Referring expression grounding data
________

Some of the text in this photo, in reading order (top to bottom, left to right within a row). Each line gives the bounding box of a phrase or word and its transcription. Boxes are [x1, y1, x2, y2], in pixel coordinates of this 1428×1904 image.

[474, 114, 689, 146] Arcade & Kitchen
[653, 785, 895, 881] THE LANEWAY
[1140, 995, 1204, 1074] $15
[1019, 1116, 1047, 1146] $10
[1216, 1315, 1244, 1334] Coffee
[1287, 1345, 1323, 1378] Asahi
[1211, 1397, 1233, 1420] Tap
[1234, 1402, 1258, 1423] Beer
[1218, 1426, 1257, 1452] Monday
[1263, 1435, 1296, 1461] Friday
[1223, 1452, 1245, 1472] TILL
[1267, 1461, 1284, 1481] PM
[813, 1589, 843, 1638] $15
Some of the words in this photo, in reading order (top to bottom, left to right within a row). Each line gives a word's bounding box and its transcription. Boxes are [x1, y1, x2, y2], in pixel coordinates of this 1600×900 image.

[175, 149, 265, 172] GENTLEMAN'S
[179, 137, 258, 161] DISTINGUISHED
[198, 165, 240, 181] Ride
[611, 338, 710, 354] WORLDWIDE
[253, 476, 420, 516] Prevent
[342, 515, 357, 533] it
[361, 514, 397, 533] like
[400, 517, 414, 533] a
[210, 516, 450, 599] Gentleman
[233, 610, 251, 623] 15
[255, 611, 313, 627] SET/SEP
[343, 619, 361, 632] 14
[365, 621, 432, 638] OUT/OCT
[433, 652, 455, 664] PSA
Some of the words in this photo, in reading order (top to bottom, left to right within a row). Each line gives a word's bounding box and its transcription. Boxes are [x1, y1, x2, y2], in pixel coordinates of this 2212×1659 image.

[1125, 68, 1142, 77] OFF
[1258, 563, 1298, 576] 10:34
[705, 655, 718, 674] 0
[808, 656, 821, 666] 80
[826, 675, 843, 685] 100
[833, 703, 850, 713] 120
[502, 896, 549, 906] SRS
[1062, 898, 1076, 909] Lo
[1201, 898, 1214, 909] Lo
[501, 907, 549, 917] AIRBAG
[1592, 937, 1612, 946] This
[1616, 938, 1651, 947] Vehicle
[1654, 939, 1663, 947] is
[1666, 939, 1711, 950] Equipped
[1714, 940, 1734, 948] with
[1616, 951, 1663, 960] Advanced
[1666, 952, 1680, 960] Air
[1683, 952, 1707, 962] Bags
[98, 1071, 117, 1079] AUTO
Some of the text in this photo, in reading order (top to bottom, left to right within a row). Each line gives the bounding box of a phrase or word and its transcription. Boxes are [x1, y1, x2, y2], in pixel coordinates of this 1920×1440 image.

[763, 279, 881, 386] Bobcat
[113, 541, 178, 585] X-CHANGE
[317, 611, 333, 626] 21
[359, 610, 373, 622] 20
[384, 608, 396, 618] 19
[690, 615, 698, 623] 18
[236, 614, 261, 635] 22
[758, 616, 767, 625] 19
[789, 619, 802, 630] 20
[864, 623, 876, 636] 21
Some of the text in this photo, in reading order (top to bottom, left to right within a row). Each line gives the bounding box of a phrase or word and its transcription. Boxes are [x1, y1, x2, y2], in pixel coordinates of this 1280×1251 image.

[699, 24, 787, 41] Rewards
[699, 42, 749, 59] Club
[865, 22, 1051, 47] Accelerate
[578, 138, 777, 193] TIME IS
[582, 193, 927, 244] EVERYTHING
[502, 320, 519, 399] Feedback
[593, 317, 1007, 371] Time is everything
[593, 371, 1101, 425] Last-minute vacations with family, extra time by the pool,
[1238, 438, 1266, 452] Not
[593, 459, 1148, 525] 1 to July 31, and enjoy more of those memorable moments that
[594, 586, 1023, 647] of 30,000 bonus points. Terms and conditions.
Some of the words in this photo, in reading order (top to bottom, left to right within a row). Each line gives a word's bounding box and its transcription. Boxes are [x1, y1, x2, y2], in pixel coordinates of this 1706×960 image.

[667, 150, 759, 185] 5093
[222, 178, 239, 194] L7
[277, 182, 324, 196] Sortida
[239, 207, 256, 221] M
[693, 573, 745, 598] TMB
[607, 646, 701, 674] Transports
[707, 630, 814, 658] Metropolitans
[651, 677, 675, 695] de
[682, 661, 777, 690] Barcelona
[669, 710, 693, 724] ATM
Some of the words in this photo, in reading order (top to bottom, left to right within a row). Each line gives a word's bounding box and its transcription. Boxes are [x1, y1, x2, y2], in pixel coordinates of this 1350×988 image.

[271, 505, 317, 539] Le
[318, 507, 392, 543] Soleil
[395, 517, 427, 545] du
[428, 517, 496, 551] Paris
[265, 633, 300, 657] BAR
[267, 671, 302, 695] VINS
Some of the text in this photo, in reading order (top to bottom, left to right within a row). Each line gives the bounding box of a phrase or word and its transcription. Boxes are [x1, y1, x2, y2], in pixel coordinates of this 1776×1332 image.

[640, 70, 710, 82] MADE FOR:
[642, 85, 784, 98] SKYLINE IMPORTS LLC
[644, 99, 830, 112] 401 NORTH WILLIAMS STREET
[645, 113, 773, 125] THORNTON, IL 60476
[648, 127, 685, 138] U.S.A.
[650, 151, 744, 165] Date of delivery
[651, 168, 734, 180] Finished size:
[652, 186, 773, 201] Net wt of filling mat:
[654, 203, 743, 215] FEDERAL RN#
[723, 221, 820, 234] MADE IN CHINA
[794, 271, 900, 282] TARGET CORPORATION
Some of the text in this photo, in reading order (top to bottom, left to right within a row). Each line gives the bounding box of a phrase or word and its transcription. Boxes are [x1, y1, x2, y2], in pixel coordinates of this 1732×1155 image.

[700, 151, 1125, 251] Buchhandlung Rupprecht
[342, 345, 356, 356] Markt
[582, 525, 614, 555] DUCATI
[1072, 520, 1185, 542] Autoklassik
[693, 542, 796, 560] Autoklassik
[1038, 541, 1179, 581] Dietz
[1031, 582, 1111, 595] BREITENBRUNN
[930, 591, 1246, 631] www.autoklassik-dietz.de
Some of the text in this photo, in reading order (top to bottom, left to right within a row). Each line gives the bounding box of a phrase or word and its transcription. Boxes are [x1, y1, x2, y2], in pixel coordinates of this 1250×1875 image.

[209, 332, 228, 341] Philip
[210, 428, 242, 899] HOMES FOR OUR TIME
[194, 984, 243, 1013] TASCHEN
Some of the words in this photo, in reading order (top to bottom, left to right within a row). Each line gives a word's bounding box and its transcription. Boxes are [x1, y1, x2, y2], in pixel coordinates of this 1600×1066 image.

________

Please repeat every entry, exactly as it was written.

Result of the task:
Some of the text in this photo, in reading order (top to bottom, left to right within a row). Each line gives the bounding box of a phrase or word and its transcription. Boxes are [x1, y1, x2, y2], in pixel coordinates of this 1428×1904 image.

[474, 114, 689, 146] Arcade & Kitchen
[653, 785, 895, 881] THE LANEWAY
[1140, 995, 1204, 1074] $15
[1019, 1116, 1047, 1146] $10
[1216, 1315, 1244, 1334] Coffee
[1287, 1345, 1323, 1378] Asahi
[1211, 1397, 1233, 1420] Tap
[1234, 1402, 1258, 1423] Beer
[1218, 1426, 1257, 1452] Monday
[1263, 1435, 1296, 1461] Friday
[1223, 1452, 1245, 1472] TILL
[1267, 1461, 1284, 1481] PM
[813, 1589, 843, 1638] $15
Some of the words in this photo, in reading order (top to bottom, left to right within a row). Each line gives a word's bounding box and its transcription. Boxes are [x1, y1, x2, y2], in pixel coordinates of this 1600×900 image.

[175, 149, 265, 172] GENTLEMAN'S
[179, 137, 258, 161] DISTINGUISHED
[198, 165, 240, 181] Ride
[611, 338, 710, 354] WORLDWIDE
[253, 476, 420, 516] Prevent
[342, 515, 357, 533] it
[361, 514, 397, 533] like
[400, 517, 414, 533] a
[210, 516, 450, 599] Gentleman
[233, 610, 251, 623] 15
[255, 611, 313, 627] SET/SEP
[343, 619, 361, 632] 14
[365, 621, 432, 638] OUT/OCT
[433, 652, 455, 664] PSA
Some of the words in this photo, in reading order (top to bottom, left to right within a row). Each line gives a word's bounding box and its transcription. Boxes are [x1, y1, x2, y2], in pixel coordinates of this 2212×1659 image.

[1125, 68, 1142, 77] OFF
[1258, 563, 1298, 576] 10:34
[705, 655, 718, 674] 0
[808, 656, 821, 666] 80
[826, 675, 843, 685] 100
[833, 703, 850, 713] 120
[502, 896, 549, 906] SRS
[1062, 898, 1076, 909] Lo
[1201, 898, 1214, 909] Lo
[501, 907, 549, 917] AIRBAG
[1592, 937, 1612, 946] This
[1616, 938, 1651, 947] Vehicle
[1654, 939, 1663, 947] is
[1666, 939, 1711, 950] Equipped
[1714, 940, 1734, 948] with
[1616, 951, 1663, 960] Advanced
[1666, 952, 1680, 960] Air
[1683, 952, 1707, 962] Bags
[98, 1071, 117, 1079] AUTO
Some of the text in this photo, in reading order (top to bottom, left to right within a row). Each line gives the bounding box of a phrase or word and its transcription. Boxes are [x1, y1, x2, y2], in pixel coordinates of this 1920×1440 image.

[763, 279, 881, 386] Bobcat
[113, 541, 178, 585] X-CHANGE
[317, 611, 333, 626] 21
[359, 610, 373, 622] 20
[384, 608, 396, 618] 19
[690, 615, 698, 623] 18
[236, 614, 261, 635] 22
[758, 616, 767, 625] 19
[789, 619, 802, 630] 20
[864, 623, 876, 636] 21
Some of the text in this photo, in reading order (top to bottom, left to right within a row). Each line gives the bounding box of a phrase or word and its transcription. Boxes are [x1, y1, x2, y2], in pixel coordinates of this 1280×1251 image.

[699, 24, 787, 41] Rewards
[699, 42, 749, 59] Club
[865, 22, 1051, 47] Accelerate
[578, 138, 777, 193] TIME IS
[582, 193, 927, 244] EVERYTHING
[502, 320, 519, 399] Feedback
[593, 317, 1007, 371] Time is everything
[593, 371, 1101, 425] Last-minute vacations with family, extra time by the pool,
[1238, 438, 1266, 452] Not
[593, 459, 1148, 525] 1 to July 31, and enjoy more of those memorable moments that
[594, 586, 1023, 647] of 30,000 bonus points. Terms and conditions.
Some of the words in this photo, in reading order (top to bottom, left to right within a row). Each line gives a word's bounding box and its transcription. Boxes are [x1, y1, x2, y2], in pixel coordinates of this 1706×960 image.

[667, 150, 759, 185] 5093
[222, 178, 239, 194] L7
[277, 182, 324, 196] Sortida
[239, 207, 256, 221] M
[693, 573, 745, 598] TMB
[607, 646, 701, 674] Transports
[707, 630, 814, 658] Metropolitans
[651, 677, 675, 695] de
[682, 661, 777, 690] Barcelona
[669, 710, 693, 724] ATM
Some of the words in this photo, in reading order (top to bottom, left to right within a row). Each line gives a word's bounding box and its transcription. Boxes are [x1, y1, x2, y2], in pixel coordinates of this 1350×988 image.

[271, 505, 317, 539] Le
[318, 507, 392, 543] Soleil
[395, 517, 427, 545] du
[428, 517, 496, 551] Paris
[265, 633, 300, 657] BAR
[267, 671, 302, 695] VINS
Some of the text in this photo, in reading order (top to bottom, left to right within a row). Each line gives the bounding box of a phrase or word and its transcription. Boxes are [x1, y1, x2, y2], in pixel coordinates of this 1776×1332 image.

[640, 70, 710, 82] MADE FOR:
[642, 85, 784, 98] SKYLINE IMPORTS LLC
[644, 99, 830, 112] 401 NORTH WILLIAMS STREET
[645, 113, 773, 125] THORNTON, IL 60476
[648, 127, 685, 138] U.S.A.
[650, 151, 744, 165] Date of delivery
[651, 168, 734, 180] Finished size:
[652, 186, 773, 201] Net wt of filling mat:
[654, 203, 743, 215] FEDERAL RN#
[723, 221, 820, 234] MADE IN CHINA
[794, 271, 900, 282] TARGET CORPORATION
Some of the text in this photo, in reading order (top to bottom, left to right within a row). Each line gives the bounding box of a phrase or word and its transcription. Boxes are [x1, y1, x2, y2], in pixel coordinates of this 1732×1155 image.

[700, 151, 1125, 251] Buchhandlung Rupprecht
[342, 345, 356, 356] Markt
[582, 525, 614, 555] DUCATI
[1072, 520, 1185, 542] Autoklassik
[693, 542, 796, 560] Autoklassik
[1038, 541, 1179, 581] Dietz
[1031, 582, 1111, 595] BREITENBRUNN
[930, 591, 1246, 631] www.autoklassik-dietz.de
Some of the text in this photo, in reading order (top to bottom, left to right within a row). Each line gives the bounding box of a phrase or word and its transcription. Boxes are [x1, y1, x2, y2], in pixel coordinates of this 1250×1875 image.

[209, 332, 228, 341] Philip
[210, 428, 242, 899] HOMES FOR OUR TIME
[194, 984, 243, 1013] TASCHEN
Some of the words in this photo, in reading order (top to bottom, left to right within a row). Each line gives a word's bounding box and its transcription. Boxes are [x1, y1, x2, y2], in pixel coordinates of this 1600×1066 image.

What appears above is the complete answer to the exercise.